29.09.2020, 14:43 Uhr

Naturschutzgebiet Von Eiben, Mönchen und feindlichen Brüdern – mit der Gebietsbetreuerin unterwegs

Die grün schillernde Donau mit den hellen Kalkfelsen und das sich langsam färbende Laub – diesen Dreiklang „Wasser, Wald und Felsen“ kann man in der Weltenburger Enge bestaunen. Foto: Franziska Jäger/VöFDie grün schillernde Donau mit den hellen Kalkfelsen und das sich langsam färbende Laub – diesen Dreiklang „Wasser, Wald und Felsen“ kann man in der Weltenburger Enge bestaunen. Foto: Franziska Jäger/VöF

„Unterwegs im Donaudurchbruch“ – so lautet das Motto der naturkundlich-kulturhistorischen Wanderung „Von Eiben, Mönchen und feindlichen Brüdern“. Vielfältige Wälder, herrliche Ausblicke, Fantasie anregende Felsbastionen, sagenumwobene Orte! All dies gibt es in der „Weltenburger Enge“ zu entdecken, dem einzigen mit dem Europadiplom ausgezeichneten Naturschutzgebiet Bayerns.

Landkreis Kelheim. Im Februar dieses Jahres wurde die Donau im Bereich der Weltenburger Enge mit den angrenzenden Felsbereichen und Hangwäldern von Ministerpräsident Markus Söder zum ersten Nationalen Naturmonument in Bayern ernannt.

Am Samstag, 3. Oktober, bietet der Landschaftspflegeverband Kelheim VöF von 10 bis circa 13 Uhr unter der Leitung von Franziska Jäger, Gebietsbetreuerin Weltenburger Enge, eine naturkundlich-kulturhistorische Wanderung entlang der „Donauroute“ an. Der Streifzug durch das Schutzgebiet beginnt in der Wittelsbacher Stadt Kelheim geht entlang der Donau über das Kloster Trauntal, besser bekannt unter dem Namen „Einsiedelei Klösterl“, und weiter bis zum Kloster Weltenburg.
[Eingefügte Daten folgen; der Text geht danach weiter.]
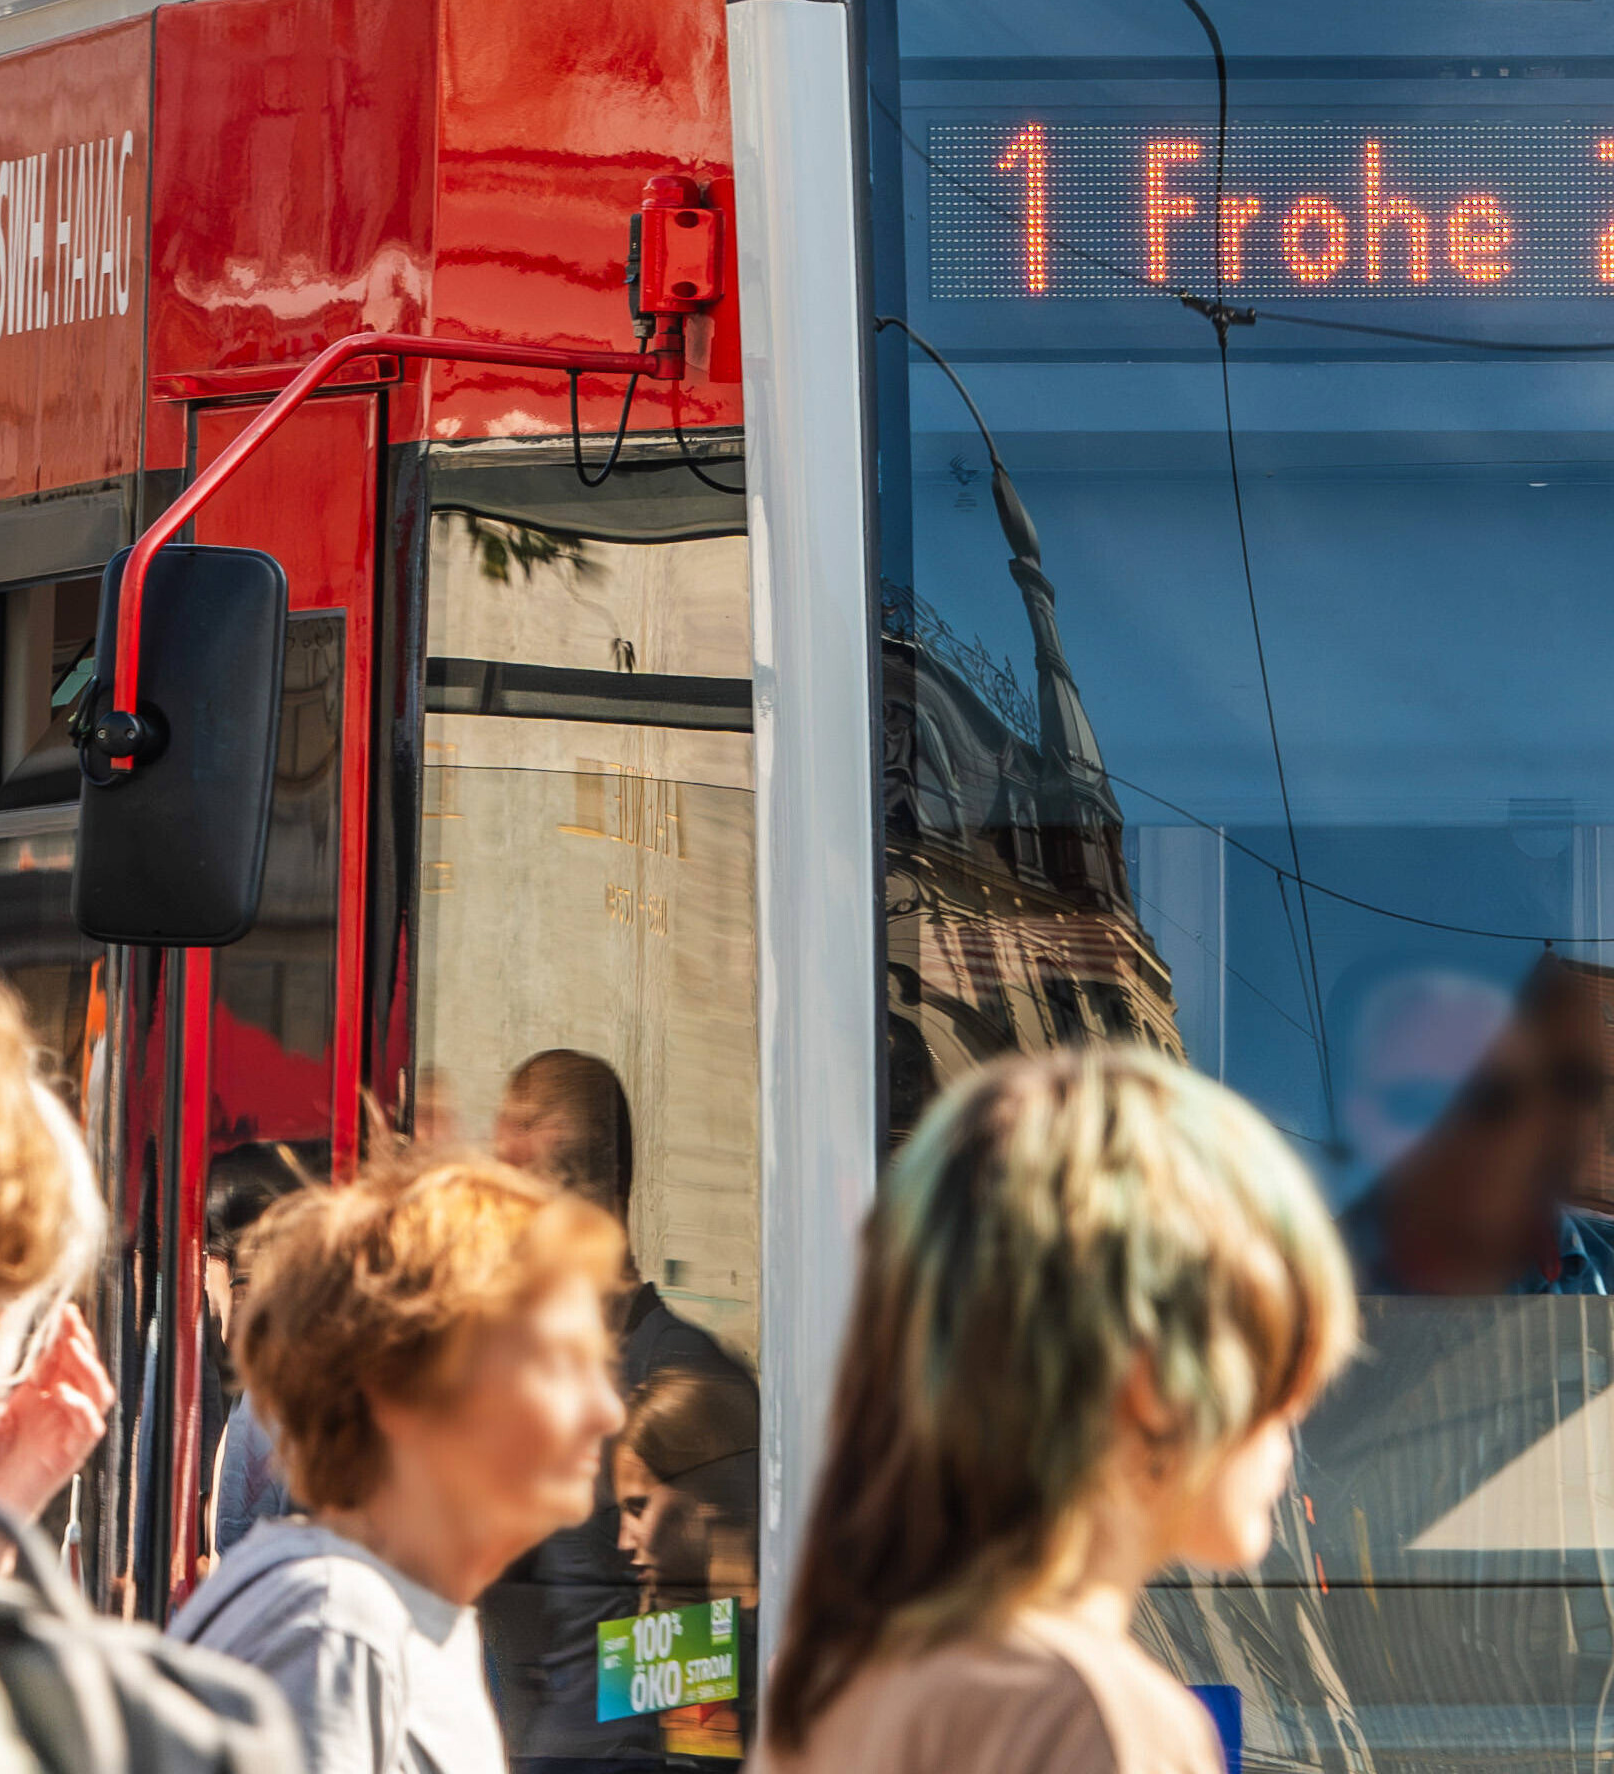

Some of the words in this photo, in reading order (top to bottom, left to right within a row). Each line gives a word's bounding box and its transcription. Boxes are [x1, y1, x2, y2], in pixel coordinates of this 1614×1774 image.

Treffpunkt ist die Infoplattform an der Schiffsanlegestelle Donau in Kelheim. Es wird darum gebeten, für das Übersetzen mit der Zille am Kloster Weltenburg zusätzlich 1,50 Euro bereitzuhalten. Die Preise für die Rücktour nach Kelheim mit dem Schiff betragen für Erwachsene 7,50 Euro, Kinder ab sechs Jahren zahlen 6 Euro. Eine Anmeldung bis 1. Oktober unter der Telefonnummer 09441/ 2077324 ist zwingend erforderlich. Es wird darum gebeten, auf festes Schuhwerk zu achten und Getränke sowie Mund-Nasen-Schutz nicht zu vergessen.